My dad was born and raised in authoritarian Egypt, later immigrating to Canada and then the United States.
To my surprise, he is still technically a Canadian citizen. We had a backup plan! As we played out the various frightening scenarios, my parents, after flirting with the idea of self-imposed exile, reached the same conclusion: This is their country too, and they would fight for it. They wouldn’t give up.
It was an inspiring thing to watch, and a reminder that it’s possible to be both fully Muslim and fully American — right-wing noise to the contrary. One 2016 survey actually found that “Muslims who say their faith is important to their identity are more likely to say being American is important to how they think of themselves.”
Still, I understand why many Americans might find Islam puzzling and foreign. There’s no contradiction in the term American Muslim; but that doesn’t mean Islam is like other monotheistic faiths. It isn’t, in part because it doesn’t lend itself as easily to modern liberalism. The more I’ve studied my own religion — its theology, history and culture — the more I’ve come to appreciate how complicated it is and how much morecomplicated it must be for people who are coming at it from scratch.
Contrary to what many think, there is no Christian equivalent to Koranic “inerrancy,” even among far-right evangelicals. Muslims believe the Koran is not only God’s word, but God’s actual speech — in other words, every single letter and word in the Koran comes directly from God. This seemingly semantic difference has profound implications. If the Koran is God’s speech, and God is unchanging and perfect, then so is his speech. To question the divine origin of the Koran, then, is to question God himself, and God is not easily put in a box, well away from the public sphere.

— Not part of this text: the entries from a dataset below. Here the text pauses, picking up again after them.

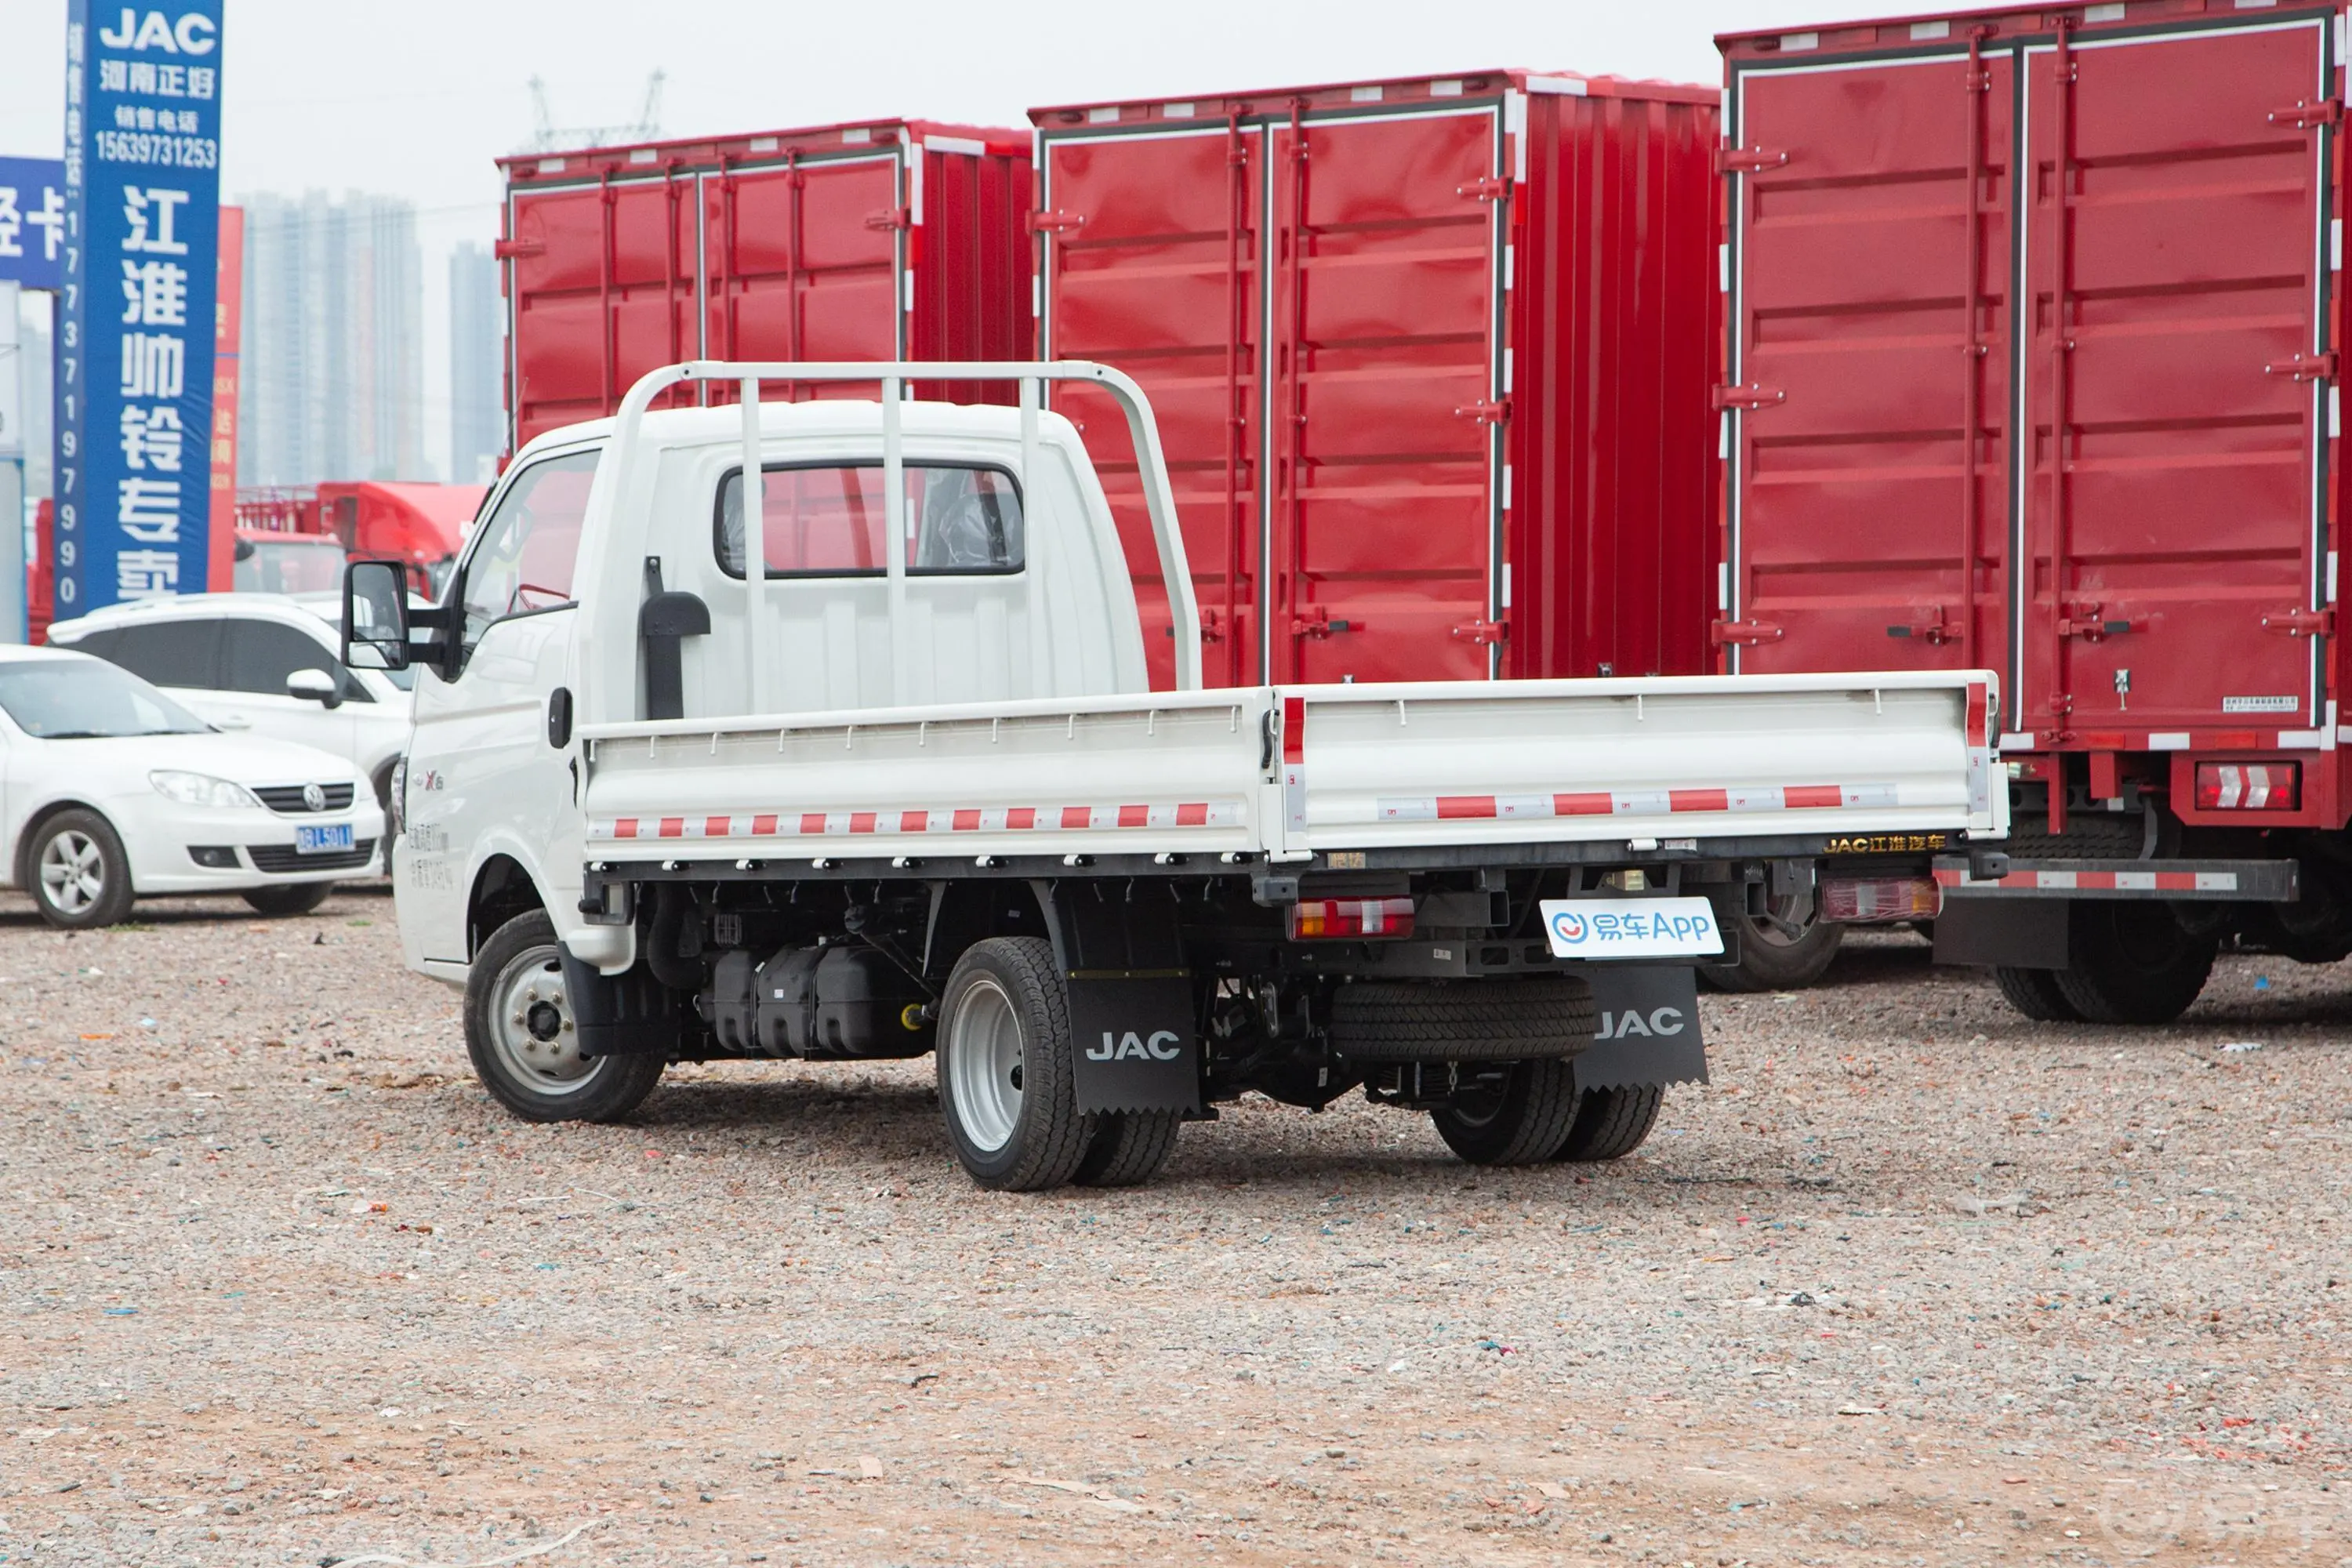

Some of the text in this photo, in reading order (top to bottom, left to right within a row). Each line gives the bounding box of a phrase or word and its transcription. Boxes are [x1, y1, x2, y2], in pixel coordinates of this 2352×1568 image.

[99, 7, 216, 56] JAC
[95, 130, 217, 169] 15639731253
[117, 184, 190, 601] 江淮帅铃专卖
[1592, 912, 1710, 942] 易车App
[1594, 1007, 1685, 1040] JAC
[1086, 1030, 1181, 1062] JAC

Differences between Christianity and Islam also are evident in each faith’s central figure. Unlike Jesus, who was a dissident, Muhammad was both prophet and politician. And more than just any politician, he was a state-builder as well as a head of state. Not only were the religious and political functions intertwined in the person of Muhammad, they were meant to be intertwined. To argue for the separation of religion from politics, then, is to argue against the model of the very man Muslims most admire and seek to emulate.